John McEnroe

His combination of talent and temperament worked hand in hand, exploding on the court and turning tennis into performance art.

Published July 11, 2000 7:38PM (EDT)

Roughly 10 points is all it took for the Beast to rise. Until this moment, the Champions Senior Tennis Tournament in Central Park's Wollman Rink had been a sweet chance for tennis fans to revel in nostalgia. Here was Jimmy Connors at 47, mock-limping to the delight of the capacity crowd of 3,000. There was the once-stoic Swede, Bjorn Borg, 44, actually laughing between points at Connors' antics. All grown-up now, they parodied the solemnity of a youthful rivalry. They had realized, finally, that it was only a game.

All except, that is, for the Beast. Friday night, June 16, should have been Johnny Mac night in New York City. The legendary John McEnroe had walked to the court from his Central Park apartment, Yankees cap pulled down tight. As so often happened throughout his playing days, he had been greeted by enthusiastic cheers from his hometown crowd. Yet a mere 10 points into his match against Frenchman Henri LeConte, there was the graying, 41-year-old McEnroe, a doting father of five plus a stepdaughter, doing something just as inevitable: Turning everyone against him by charging the net -- to question a lines call. "C'mon, Mac, not already!" a spectator called out.

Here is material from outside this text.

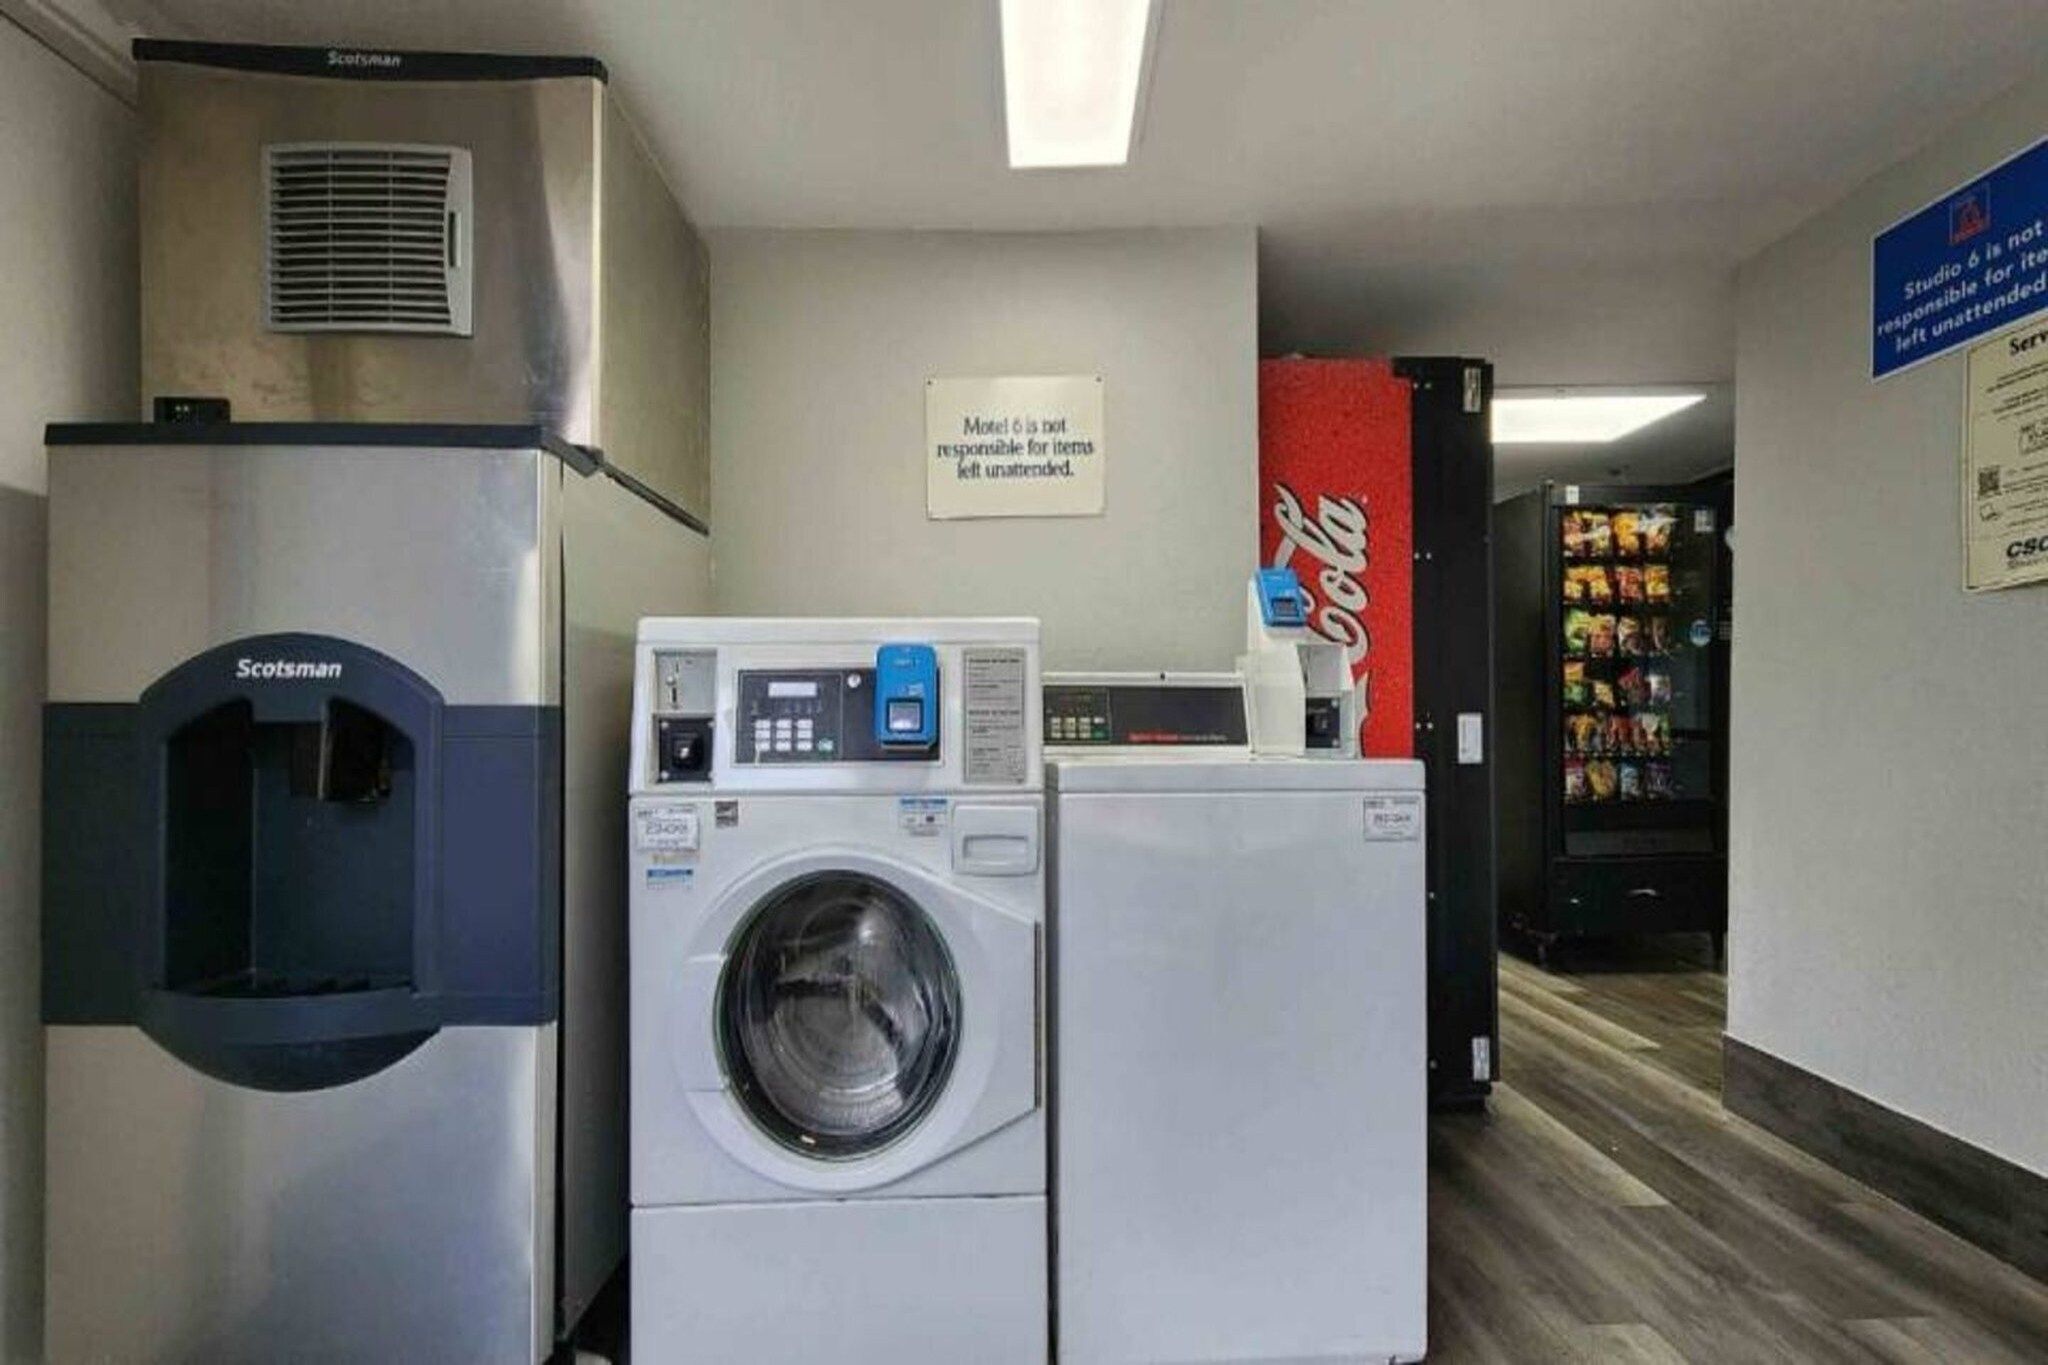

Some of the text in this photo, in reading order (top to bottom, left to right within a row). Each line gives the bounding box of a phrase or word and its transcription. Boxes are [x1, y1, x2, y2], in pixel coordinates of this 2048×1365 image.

McEnroe turned to the courtside fan, his face suddenly pale with rage. "You got an appointment to get to?" he said, spitting out the words through lips pursed in anger. "What the fuck do you care, asshole?"

The crowd erupted in boos and the umpire administered a code violation for unsportsmanlike conduct, but it was too late: The Beast had been unleashed. For the next two hours, against all his intentions, McEnroe stalked the court, throwing his racket four times, berating a middle-aged linesman and slamming a courtside sign advertising Sector Sport Watches ("Hey! Hit somebody else's sign!" someone yelled from the Sector Sport Watch company box seats) in dangerous proximity to a female tournament official, whom McEnroe then blistered with a series of choice condemnations of the "you fucking asshole" variety when she saw to it that he be penalized. He also, in between such dramatic acts, hit some of the purest and most creative shots a tennis court has ever seen and, once the match was over, refused to shake the umpire's hand, leaving a crowd that came expecting feel-good nostalgia but instead had been treated to the genuine, raw article.

Screw nostalgia, McEnroe seemed to say; just as in the '80s, when his combination of talent and temperament transcended his sport and he attained pop-culture icon status by turning tennis into performance art, McEnroe had yet again provided a voyeuristic glimpse into tortured genius.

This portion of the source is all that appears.